_DIRECTIONS_
Please copy out the records that follow exactly as they stand.

_SOURCE DATA_
_ _ _

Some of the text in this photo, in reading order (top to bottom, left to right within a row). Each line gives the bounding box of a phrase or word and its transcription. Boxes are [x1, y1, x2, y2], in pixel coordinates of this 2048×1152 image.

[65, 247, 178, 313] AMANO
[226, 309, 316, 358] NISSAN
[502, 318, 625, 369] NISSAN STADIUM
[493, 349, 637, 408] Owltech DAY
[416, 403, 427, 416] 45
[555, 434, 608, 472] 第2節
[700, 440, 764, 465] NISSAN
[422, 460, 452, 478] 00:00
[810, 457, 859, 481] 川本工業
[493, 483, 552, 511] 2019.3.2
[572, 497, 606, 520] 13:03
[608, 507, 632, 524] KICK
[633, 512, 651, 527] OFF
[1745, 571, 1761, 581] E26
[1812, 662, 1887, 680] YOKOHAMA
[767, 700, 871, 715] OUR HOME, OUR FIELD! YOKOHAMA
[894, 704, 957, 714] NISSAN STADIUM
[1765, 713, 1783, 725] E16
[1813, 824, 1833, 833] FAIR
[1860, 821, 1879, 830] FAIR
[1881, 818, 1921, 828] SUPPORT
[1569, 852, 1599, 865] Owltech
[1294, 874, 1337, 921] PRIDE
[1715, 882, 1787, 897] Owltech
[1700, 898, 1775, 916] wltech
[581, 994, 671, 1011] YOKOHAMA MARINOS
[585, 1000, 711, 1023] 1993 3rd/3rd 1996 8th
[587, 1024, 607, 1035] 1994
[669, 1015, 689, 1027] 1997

_ _ _

_RESULT FOR THIS TASK_
Some of the text in this photo, in reading order (top to bottom, left to right within a row). Each line gives the bounding box of a phrase or word and its transcription. Boxes are [x1, y1, x2, y2], in pixel coordinates of this 2048×1152 image.

[65, 247, 178, 313] AMANO
[226, 309, 316, 358] NISSAN
[502, 318, 625, 369] NISSAN STADIUM
[493, 349, 637, 408] Owltech DAY
[416, 403, 427, 416] 45
[555, 434, 608, 472] 第2節
[700, 440, 764, 465] NISSAN
[422, 460, 452, 478] 00:00
[810, 457, 859, 481] 川本工業
[493, 483, 552, 511] 2019.3.2
[572, 497, 606, 520] 13:03
[608, 507, 632, 524] KICK
[633, 512, 651, 527] OFF
[1745, 571, 1761, 581] E26
[1812, 662, 1887, 680] YOKOHAMA
[767, 700, 871, 715] OUR HOME, OUR FIELD! YOKOHAMA
[894, 704, 957, 714] NISSAN STADIUM
[1765, 713, 1783, 725] E16
[1813, 824, 1833, 833] FAIR
[1860, 821, 1879, 830] FAIR
[1881, 818, 1921, 828] SUPPORT
[1569, 852, 1599, 865] Owltech
[1294, 874, 1337, 921] PRIDE
[1715, 882, 1787, 897] Owltech
[1700, 898, 1775, 916] wltech
[581, 994, 671, 1011] YOKOHAMA MARINOS
[585, 1000, 711, 1023] 1993 3rd/3rd 1996 8th
[587, 1024, 607, 1035] 1994
[669, 1015, 689, 1027] 1997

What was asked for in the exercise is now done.